* **Referring expression grounding data**
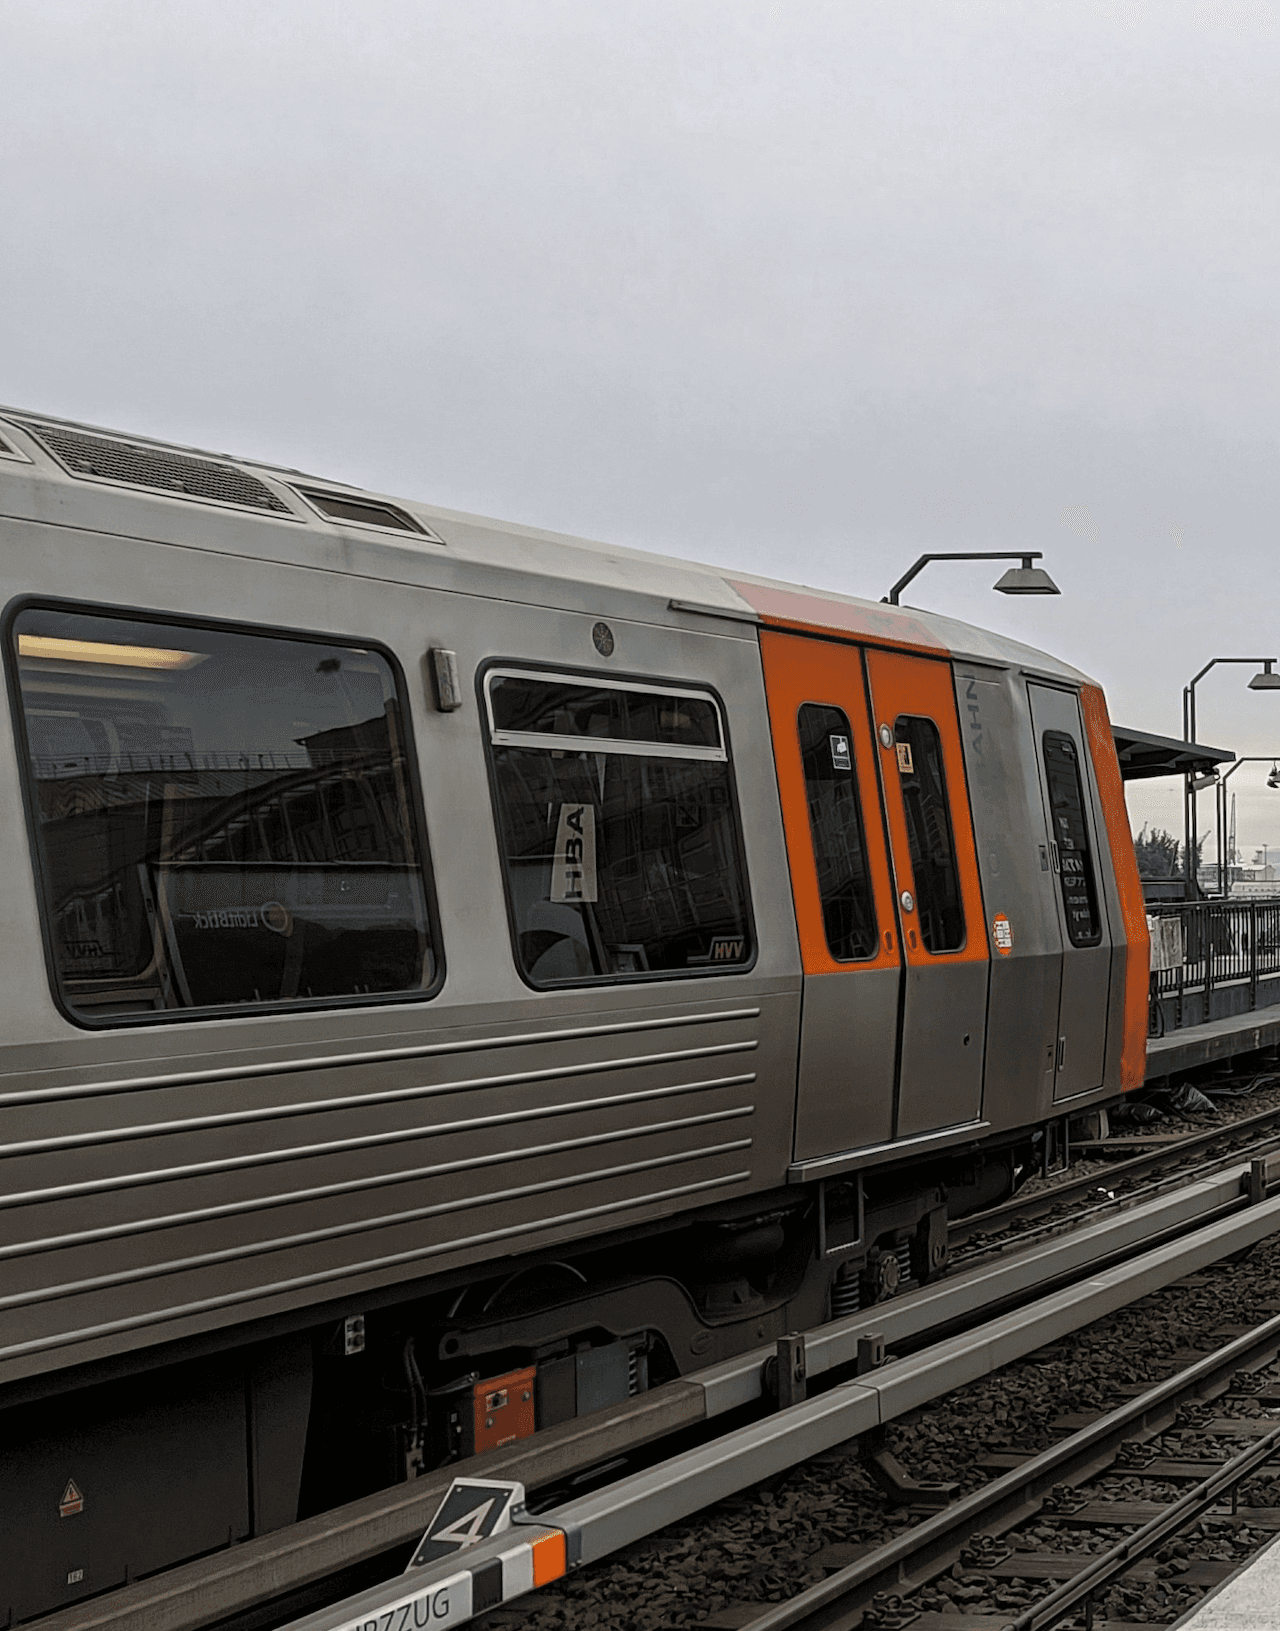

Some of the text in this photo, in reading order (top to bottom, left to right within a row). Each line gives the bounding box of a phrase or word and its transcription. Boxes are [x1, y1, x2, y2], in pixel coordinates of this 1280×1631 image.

[565, 806, 584, 899] HBA
[714, 941, 744, 960] HVV
[430, 1497, 496, 1551] 4
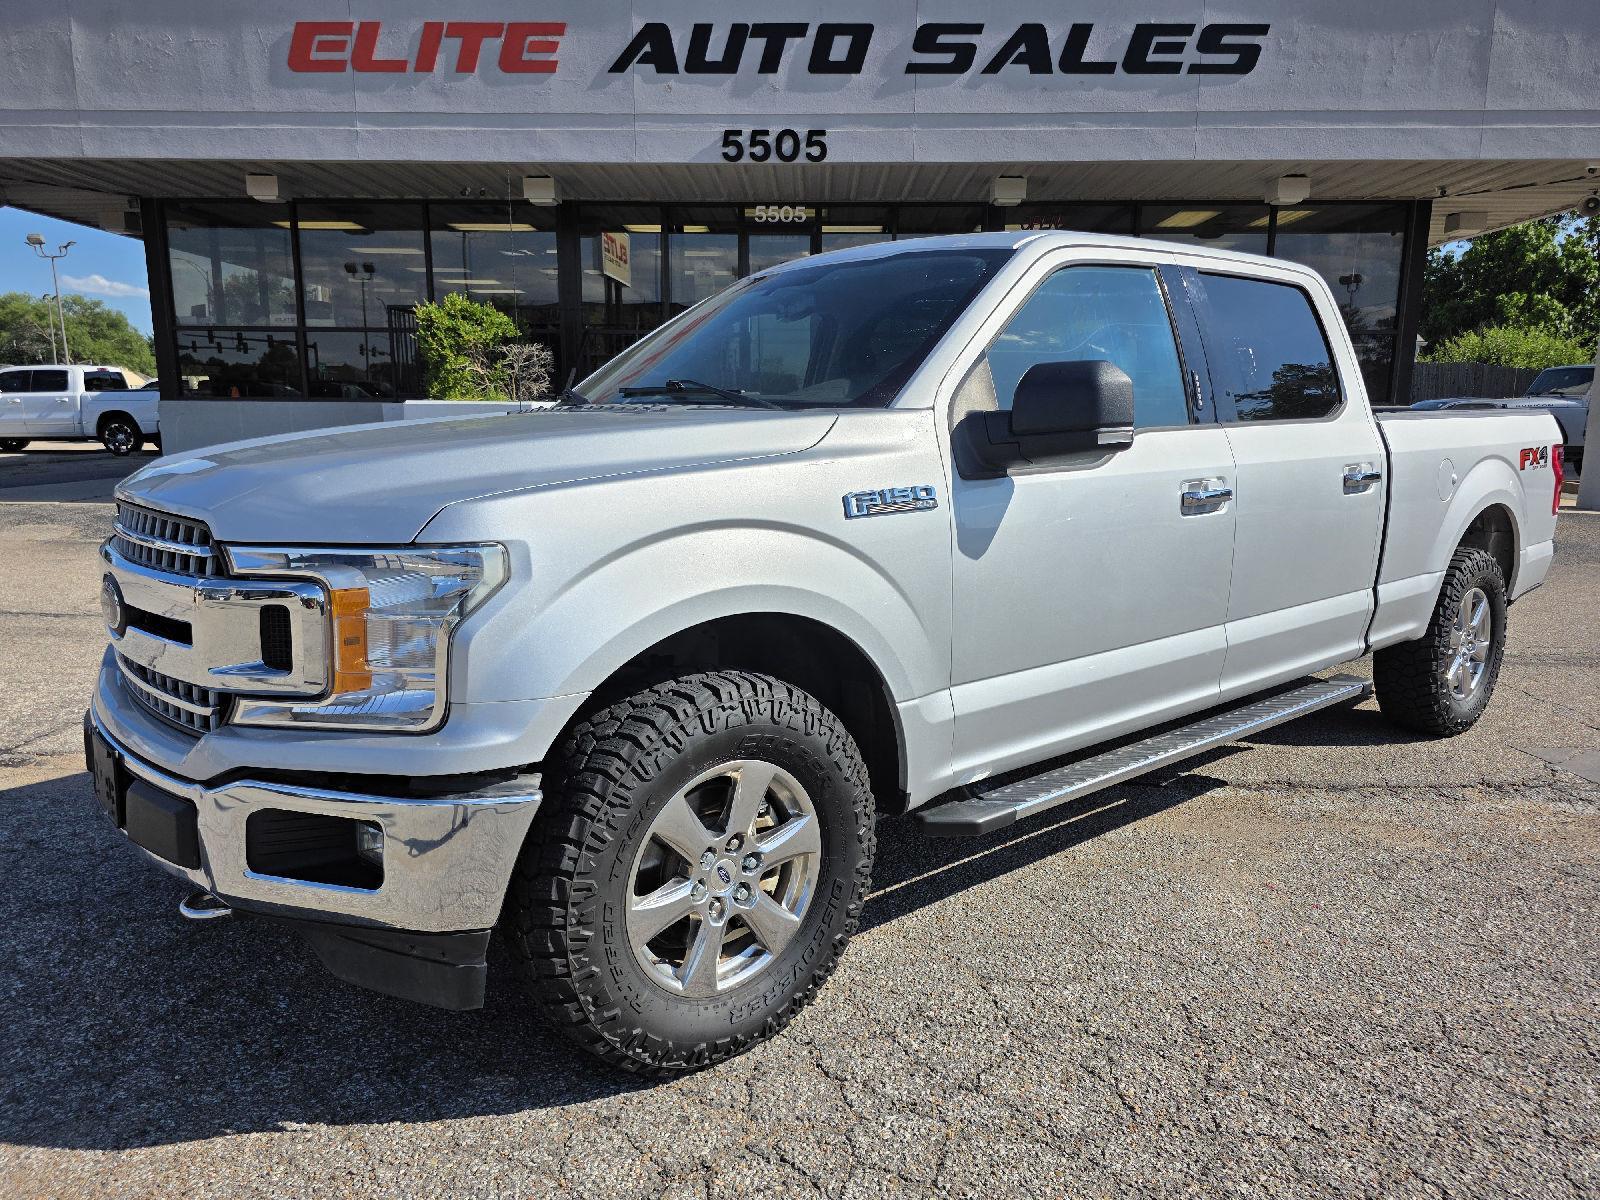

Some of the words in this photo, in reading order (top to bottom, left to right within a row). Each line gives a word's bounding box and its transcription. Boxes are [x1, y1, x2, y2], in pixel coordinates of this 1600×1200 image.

[287, 22, 567, 73] ELITE
[609, 23, 875, 75] AUTO
[905, 23, 1271, 75] SALES
[722, 129, 828, 163] 5505
[754, 205, 807, 223] 5505
[1519, 445, 1548, 471] FX4
[608, 793, 656, 882] TREK
[729, 878, 846, 1024] DISCOVERER
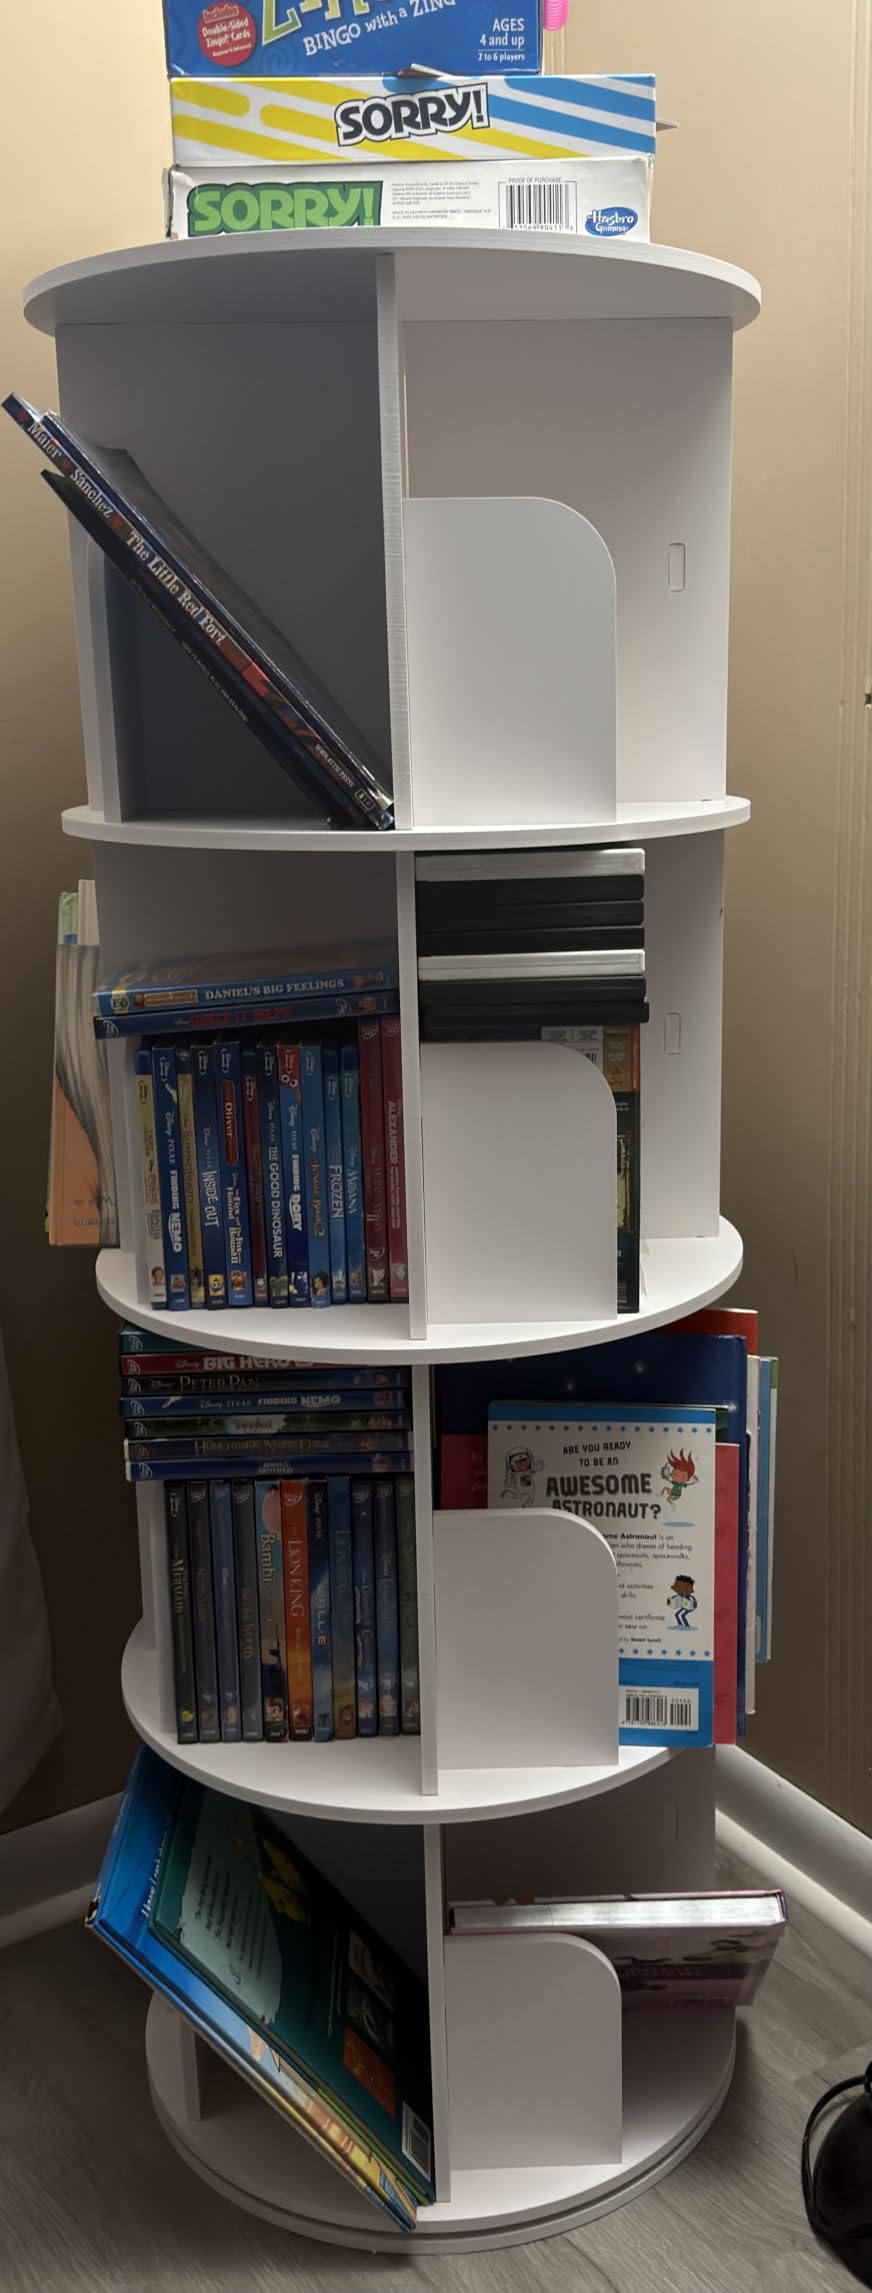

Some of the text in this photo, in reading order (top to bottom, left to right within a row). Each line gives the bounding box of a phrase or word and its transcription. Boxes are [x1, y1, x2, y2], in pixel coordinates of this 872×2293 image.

[302, 22, 361, 57] BINGO
[364, 11, 398, 33] with
[399, 8, 408, 18] a
[479, 33, 525, 49] 4 and up
[492, 18, 525, 32] AGES
[477, 51, 525, 63] 2 to 6 players
[338, 88, 486, 143] SORRY!
[193, 186, 376, 233] SORRY!
[590, 209, 635, 226] Hasbro
[27, 422, 62, 459] Maier
[126, 530, 149, 562] The
[147, 554, 181, 595] Little
[176, 590, 204, 619] Red
[198, 612, 227, 646] Fort
[205, 986, 262, 1001] DANIEL'S
[263, 984, 285, 995] BIG
[286, 978, 345, 993] FEELINGS
[224, 1101, 234, 1138] Oliver
[388, 1101, 399, 1165] ALEXANDER
[269, 1146, 278, 1161] THE
[170, 1170, 180, 1209] FINDING
[202, 1170, 218, 1204] INSIDE
[270, 1163, 280, 1199] GOOD
[291, 1154, 301, 1191] FINDING
[227, 1186, 235, 1220] Hound
[329, 1164, 344, 1218] FROZEN
[204, 1205, 219, 1228] OUT
[271, 1201, 283, 1258] DINOSAUR
[289, 1193, 303, 1232] DORY
[168, 1212, 182, 1253] NEMO
[203, 1356, 235, 1370] BIG
[179, 1375, 225, 1392] PETER
[228, 1374, 259, 1391] PAN
[257, 1396, 298, 1406] FINDING
[300, 1394, 342, 1408] NEMO
[563, 1440, 631, 1455] ARE YOU READY
[579, 1458, 589, 1467] TO
[593, 1457, 604, 1466] BE
[545, 1472, 652, 1498] AWESOME
[261, 1534, 277, 1584] Bambi
[288, 1540, 304, 1574] LION
[289, 1575, 305, 1617] KING

* **What to do**
Write out exactly those lines of the records above that lie from the one with "this 872×2293 image." through the last line, including both.

* **Response**
Some of the text in this photo, in reading order (top to bottom, left to right within a row). Each line gives the bounding box of a phrase or word and its transcription. Boxes are [x1, y1, x2, y2], in pixel coordinates of this 872×2293 image.

[302, 22, 361, 57] BINGO
[364, 11, 398, 33] with
[399, 8, 408, 18] a
[479, 33, 525, 49] 4 and up
[492, 18, 525, 32] AGES
[477, 51, 525, 63] 2 to 6 players
[338, 88, 486, 143] SORRY!
[193, 186, 376, 233] SORRY!
[590, 209, 635, 226] Hasbro
[27, 422, 62, 459] Maier
[126, 530, 149, 562] The
[147, 554, 181, 595] Little
[176, 590, 204, 619] Red
[198, 612, 227, 646] Fort
[205, 986, 262, 1001] DANIEL'S
[263, 984, 285, 995] BIG
[286, 978, 345, 993] FEELINGS
[224, 1101, 234, 1138] Oliver
[388, 1101, 399, 1165] ALEXANDER
[269, 1146, 278, 1161] THE
[170, 1170, 180, 1209] FINDING
[202, 1170, 218, 1204] INSIDE
[270, 1163, 280, 1199] GOOD
[291, 1154, 301, 1191] FINDING
[227, 1186, 235, 1220] Hound
[329, 1164, 344, 1218] FROZEN
[204, 1205, 219, 1228] OUT
[271, 1201, 283, 1258] DINOSAUR
[289, 1193, 303, 1232] DORY
[168, 1212, 182, 1253] NEMO
[203, 1356, 235, 1370] BIG
[179, 1375, 225, 1392] PETER
[228, 1374, 259, 1391] PAN
[257, 1396, 298, 1406] FINDING
[300, 1394, 342, 1408] NEMO
[563, 1440, 631, 1455] ARE YOU READY
[579, 1458, 589, 1467] TO
[593, 1457, 604, 1466] BE
[545, 1472, 652, 1498] AWESOME
[261, 1534, 277, 1584] Bambi
[288, 1540, 304, 1574] LION
[289, 1575, 305, 1617] KING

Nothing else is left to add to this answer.